[Data extracts]
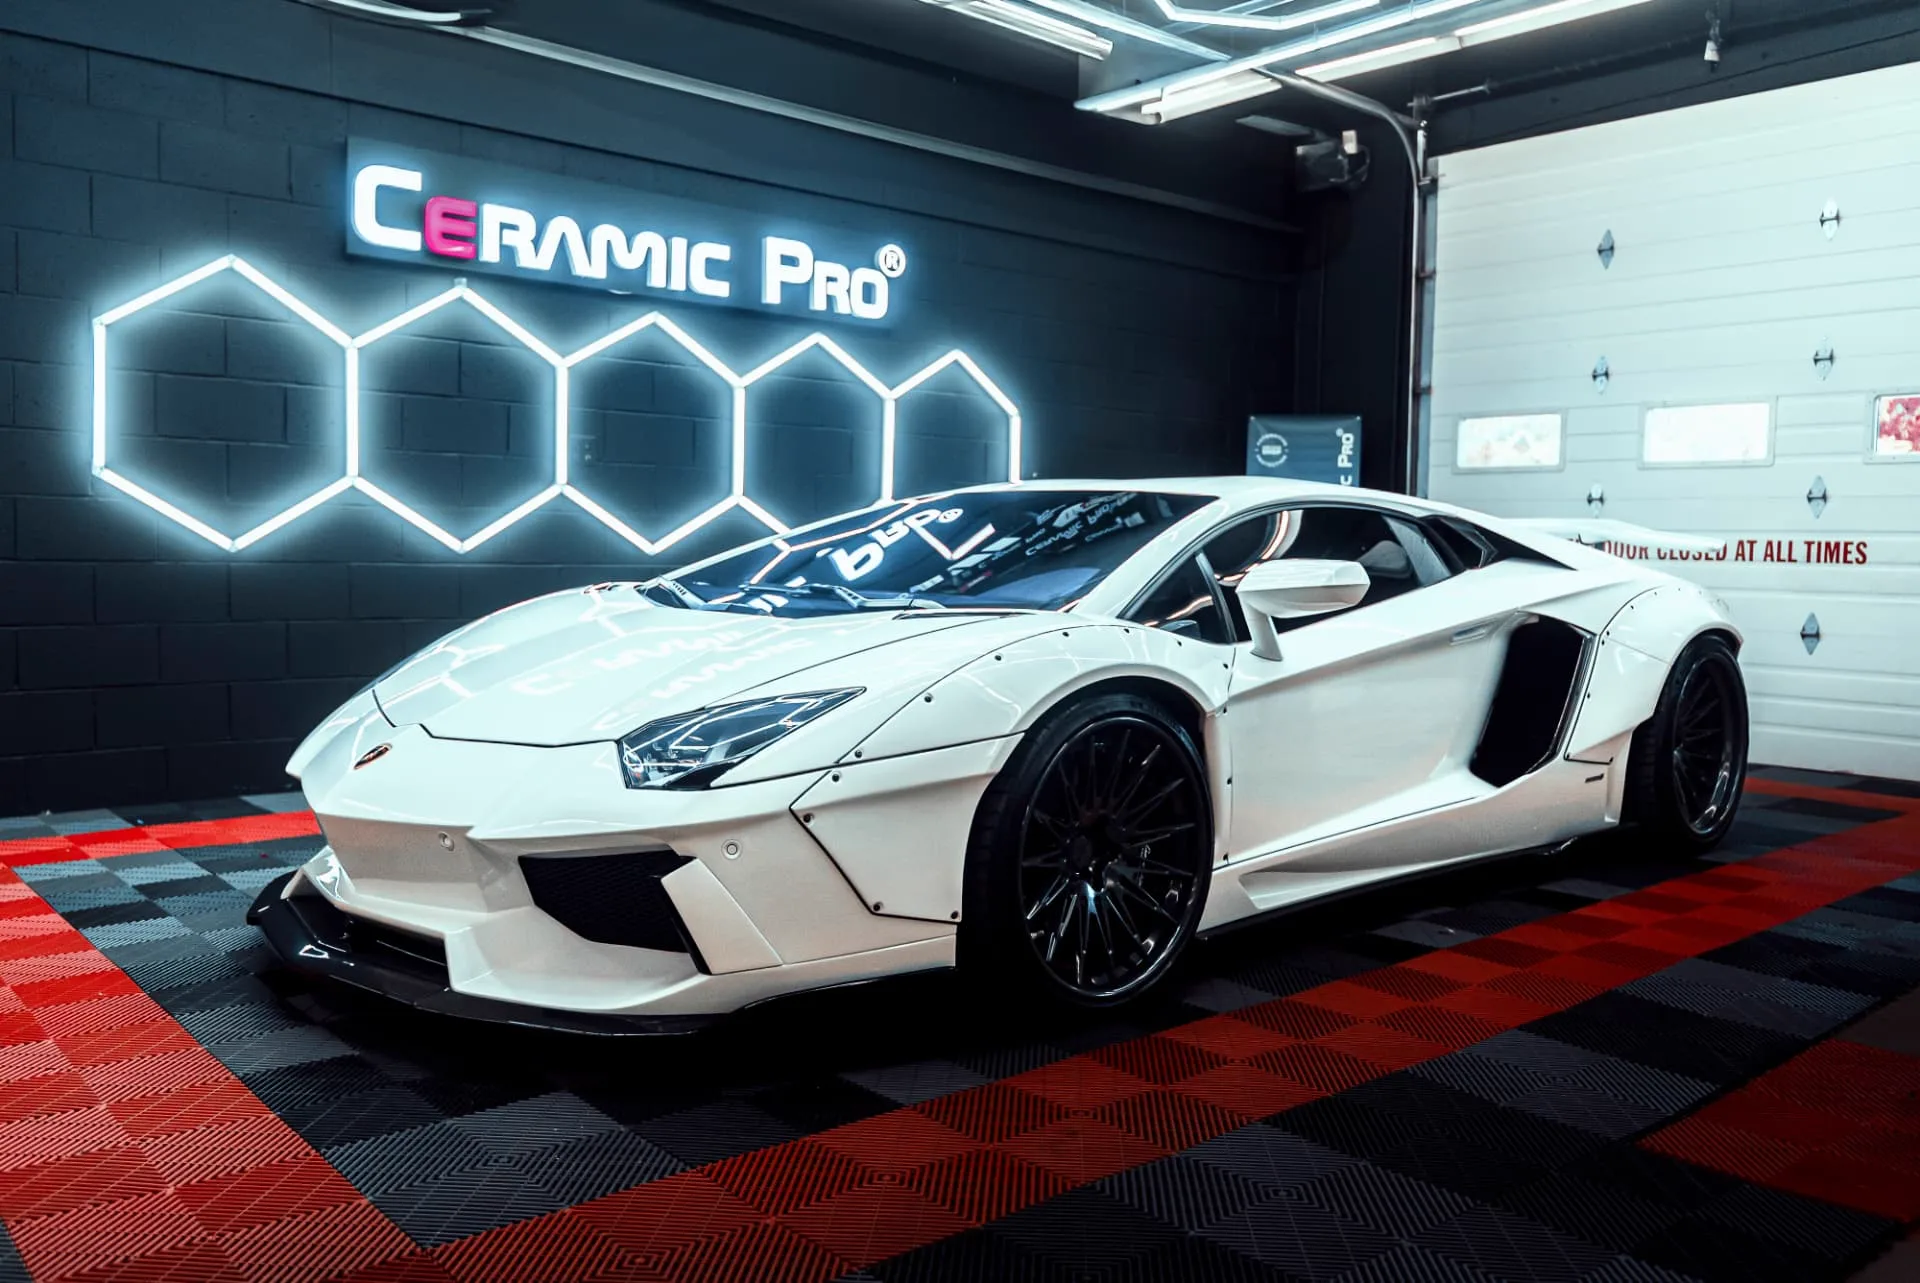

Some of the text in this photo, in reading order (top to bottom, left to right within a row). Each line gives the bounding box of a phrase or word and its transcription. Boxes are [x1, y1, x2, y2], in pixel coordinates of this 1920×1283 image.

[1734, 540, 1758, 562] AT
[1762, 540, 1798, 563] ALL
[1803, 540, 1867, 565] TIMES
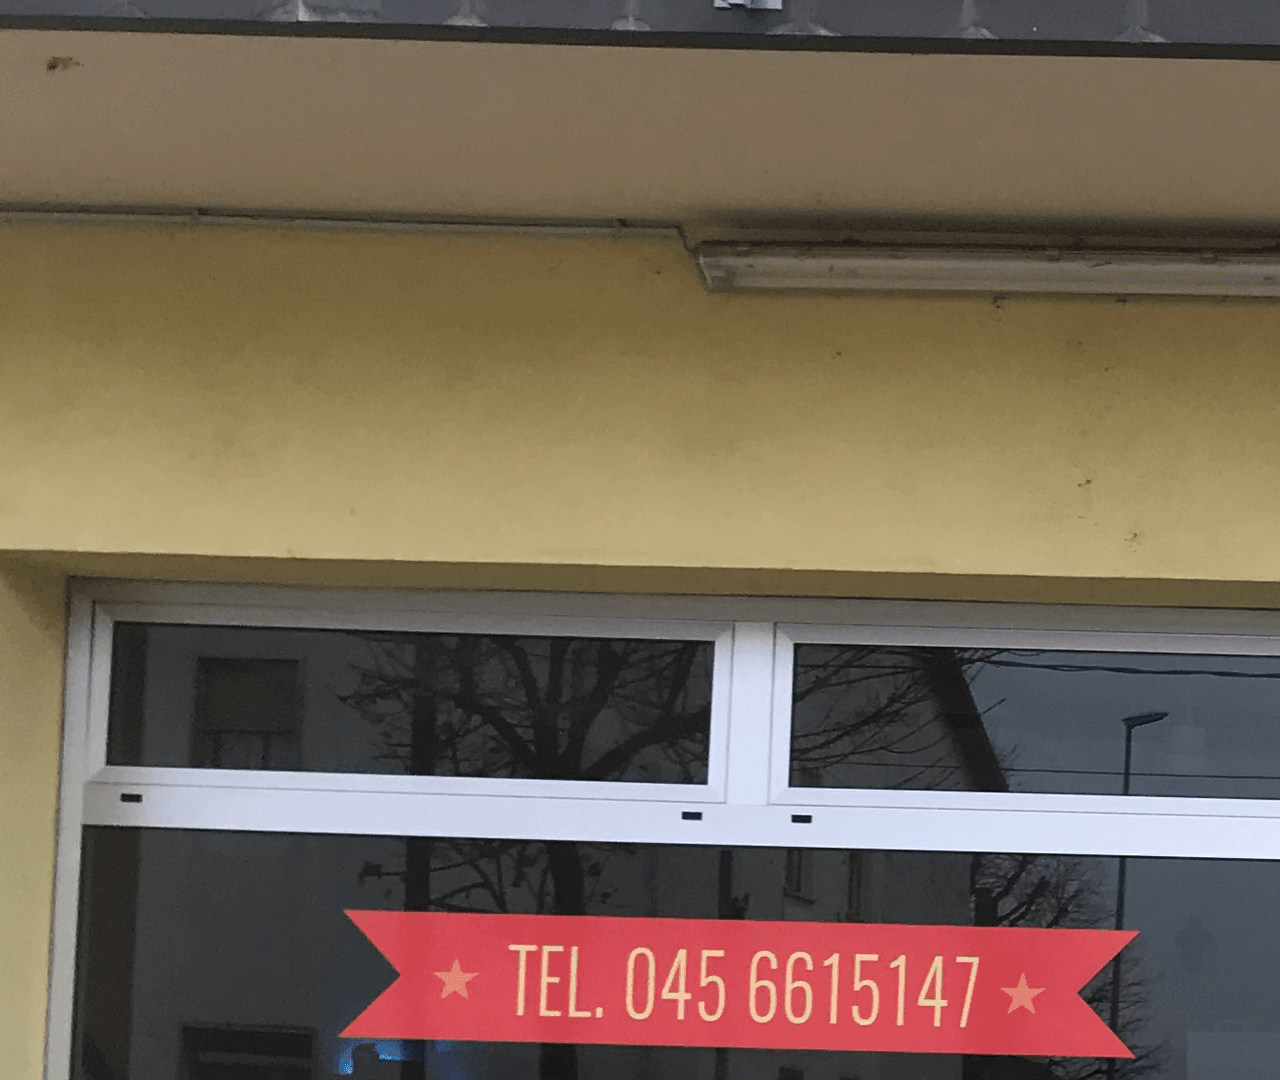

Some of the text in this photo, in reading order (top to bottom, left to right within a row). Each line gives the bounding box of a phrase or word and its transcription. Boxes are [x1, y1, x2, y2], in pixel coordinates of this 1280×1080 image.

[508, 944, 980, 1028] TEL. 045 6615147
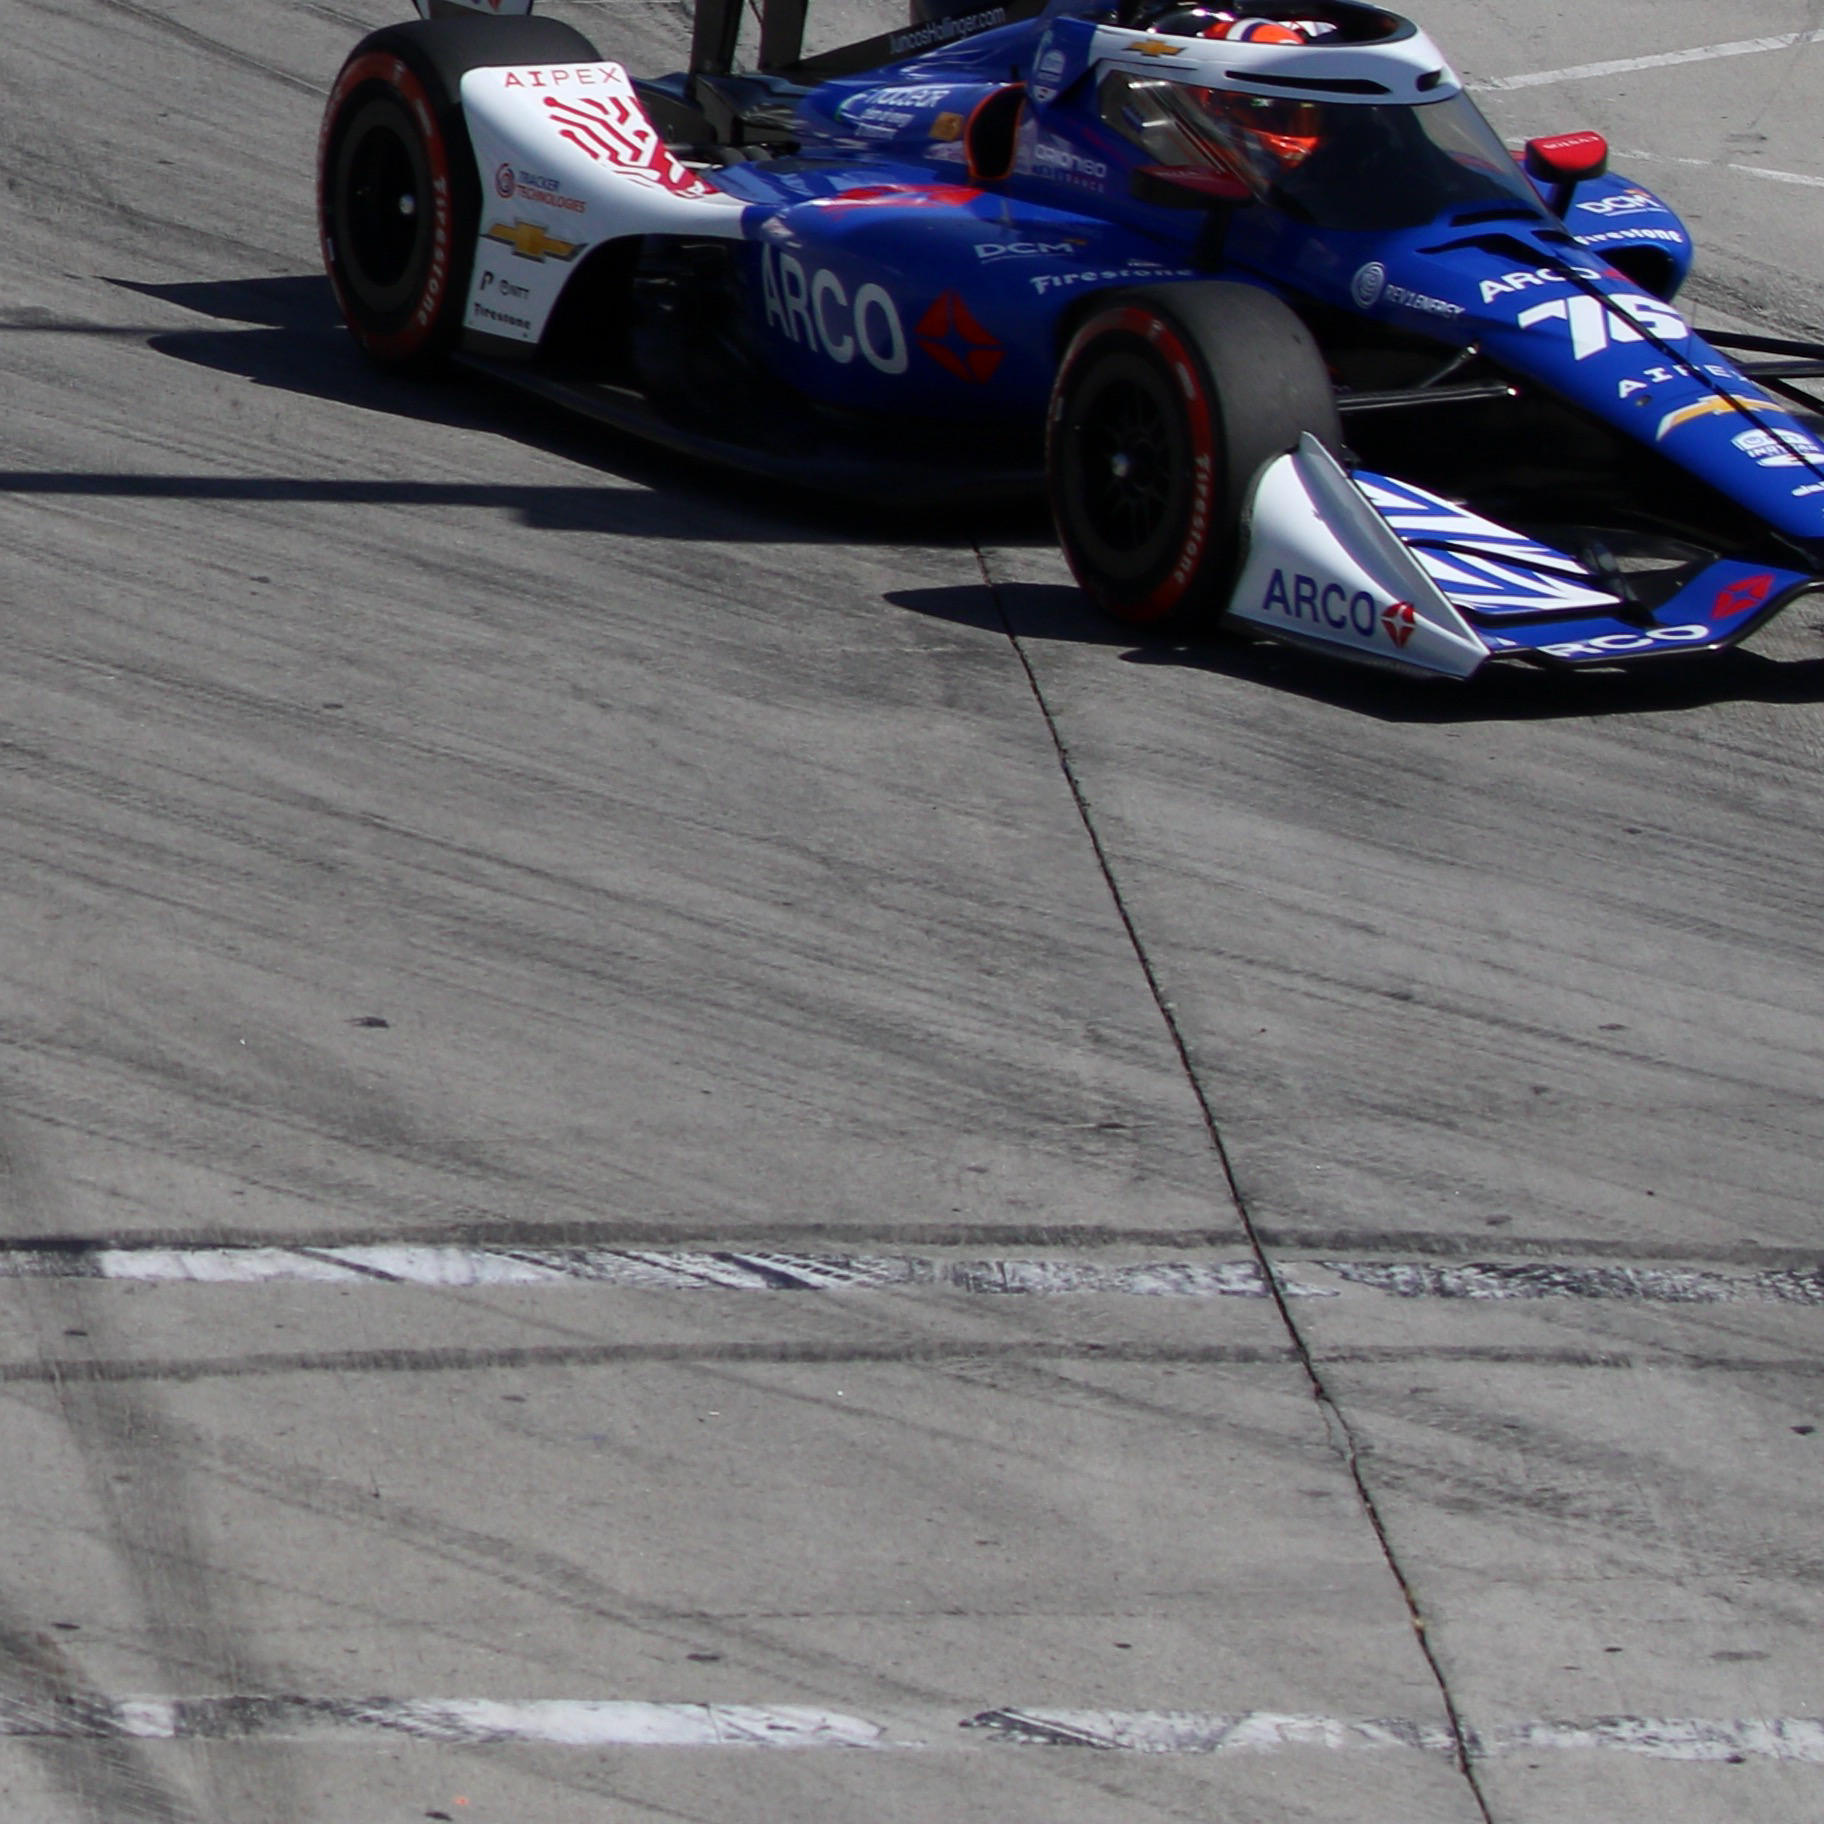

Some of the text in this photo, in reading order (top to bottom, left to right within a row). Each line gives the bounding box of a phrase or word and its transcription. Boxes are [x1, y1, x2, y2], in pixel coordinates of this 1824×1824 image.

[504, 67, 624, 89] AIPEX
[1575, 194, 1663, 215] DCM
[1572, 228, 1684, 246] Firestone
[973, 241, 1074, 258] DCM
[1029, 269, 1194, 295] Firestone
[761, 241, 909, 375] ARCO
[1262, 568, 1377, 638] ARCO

[Activity]
What you return must match the entries above exactly, apart from the pictures, which are left out.

[Expected answer]
Some of the text in this photo, in reading order (top to bottom, left to right within a row). Each line gives the bounding box of a phrase or word and its transcription. Boxes are [x1, y1, x2, y2], in pixel coordinates of this 1920×1283 image.

[1734, 540, 1758, 562] AT
[1762, 540, 1798, 563] ALL
[1803, 540, 1867, 565] TIMES

Some of the text in this photo, in reading order (top to bottom, left to right within a row). Each line gives the bounding box of a phrase or word and its transcription. Boxes are [x1, y1, x2, y2], in pixel coordinates of this 1280×1080 image.

[508, 944, 980, 1028] TEL. 045 6615147

Some of the text in this photo, in reading order (top to bottom, left to right within a row). Each line gives the bounding box of a phrase or word and its transcription. Boxes are [x1, y1, x2, y2], in pixel coordinates of this 1824×1824 image.

[504, 67, 624, 89] AIPEX
[1575, 194, 1663, 215] DCM
[1572, 228, 1684, 246] Firestone
[973, 241, 1074, 258] DCM
[1029, 269, 1194, 295] Firestone
[761, 241, 909, 375] ARCO
[1262, 568, 1377, 638] ARCO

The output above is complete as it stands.